§ Exercise directions: Write out each record in full and exactly as given. Skip any pictures.
--- Given data ---
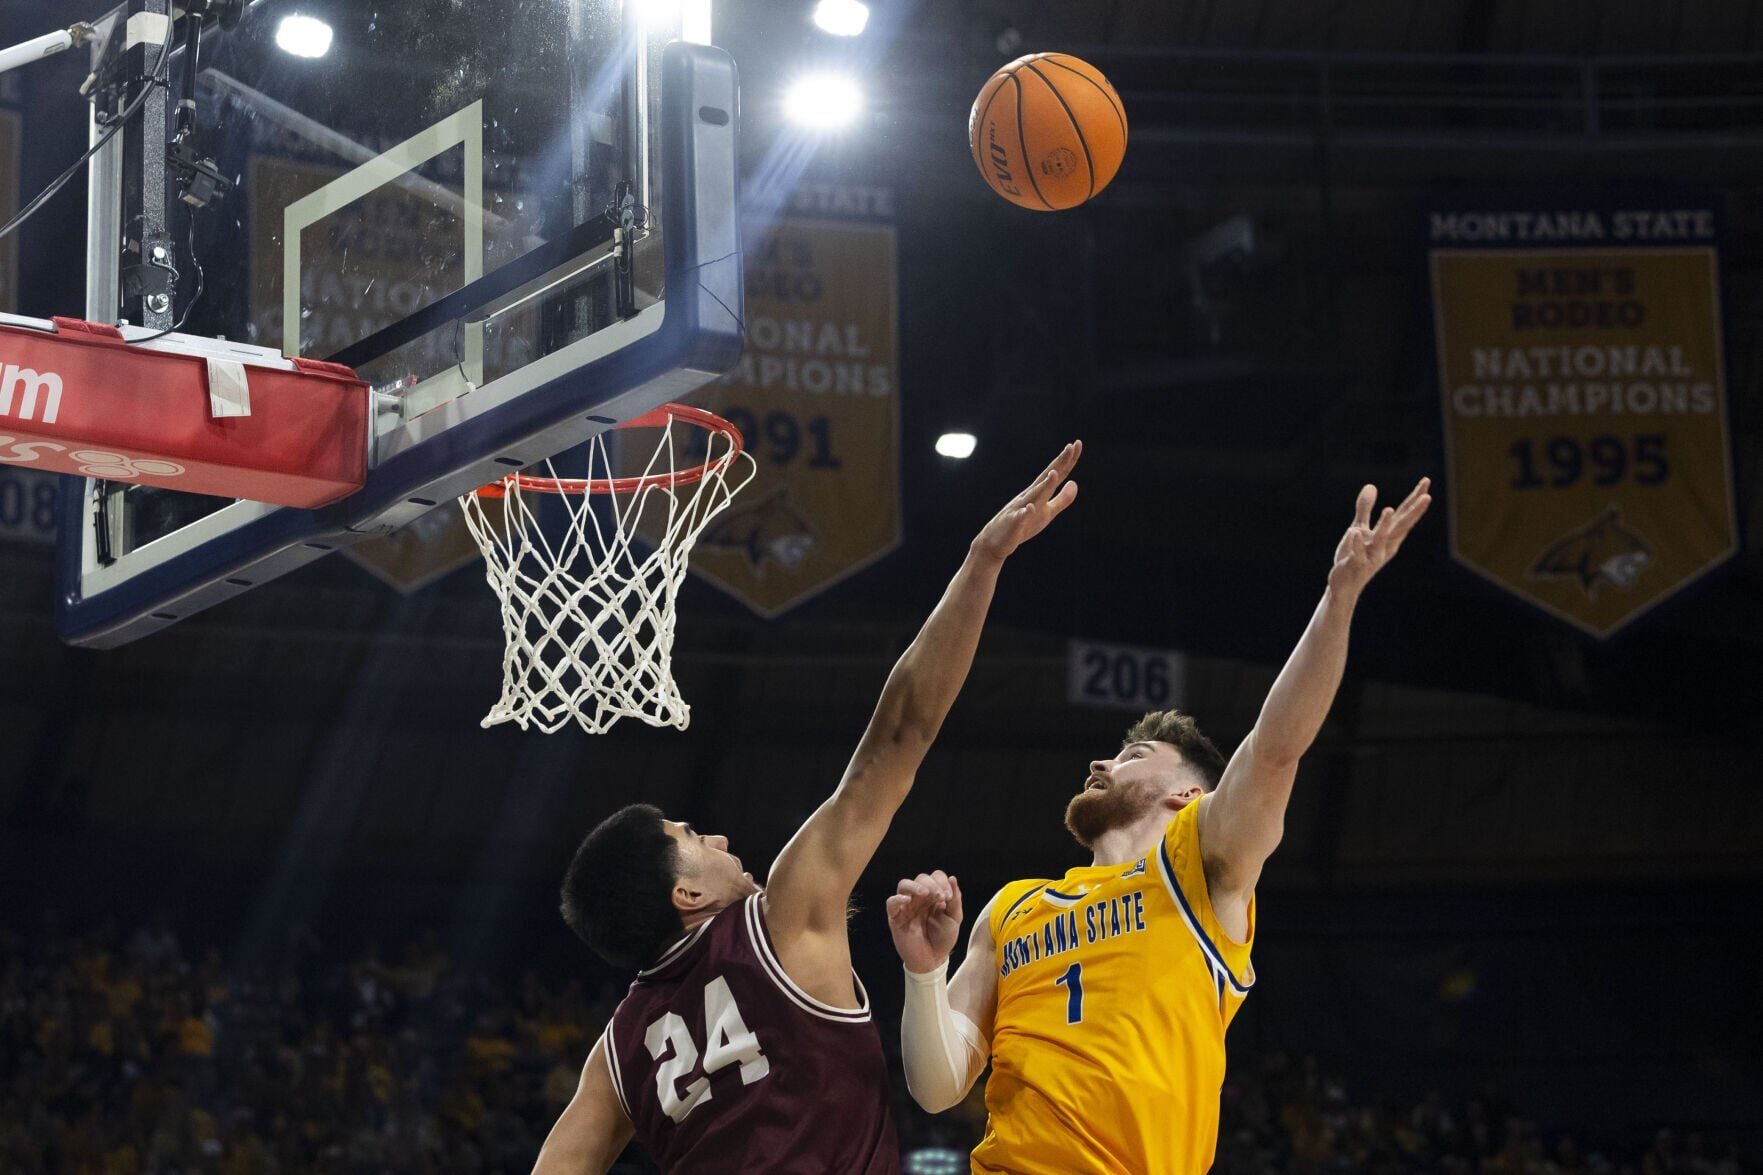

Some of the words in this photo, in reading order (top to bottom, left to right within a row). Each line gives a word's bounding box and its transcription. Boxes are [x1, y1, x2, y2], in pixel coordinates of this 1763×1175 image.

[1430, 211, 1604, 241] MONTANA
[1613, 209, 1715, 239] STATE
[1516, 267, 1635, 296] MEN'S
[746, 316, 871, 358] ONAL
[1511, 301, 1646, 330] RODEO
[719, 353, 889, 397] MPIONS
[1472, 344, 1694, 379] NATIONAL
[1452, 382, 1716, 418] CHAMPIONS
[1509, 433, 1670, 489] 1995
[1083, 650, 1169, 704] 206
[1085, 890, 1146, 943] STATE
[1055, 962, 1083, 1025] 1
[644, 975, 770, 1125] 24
---
§ Worked solution:
Some of the words in this photo, in reading order (top to bottom, left to right within a row). Each line gives a word's bounding box and its transcription. Boxes are [x1, y1, x2, y2], in pixel coordinates of this 1763×1175 image.

[1430, 211, 1604, 241] MONTANA
[1613, 209, 1715, 239] STATE
[1516, 267, 1635, 296] MEN'S
[746, 316, 871, 358] ONAL
[1511, 301, 1646, 330] RODEO
[719, 353, 889, 397] MPIONS
[1472, 344, 1694, 379] NATIONAL
[1452, 382, 1716, 418] CHAMPIONS
[1509, 433, 1670, 489] 1995
[1083, 650, 1169, 704] 206
[1085, 890, 1146, 943] STATE
[1055, 962, 1083, 1025] 1
[644, 975, 770, 1125] 24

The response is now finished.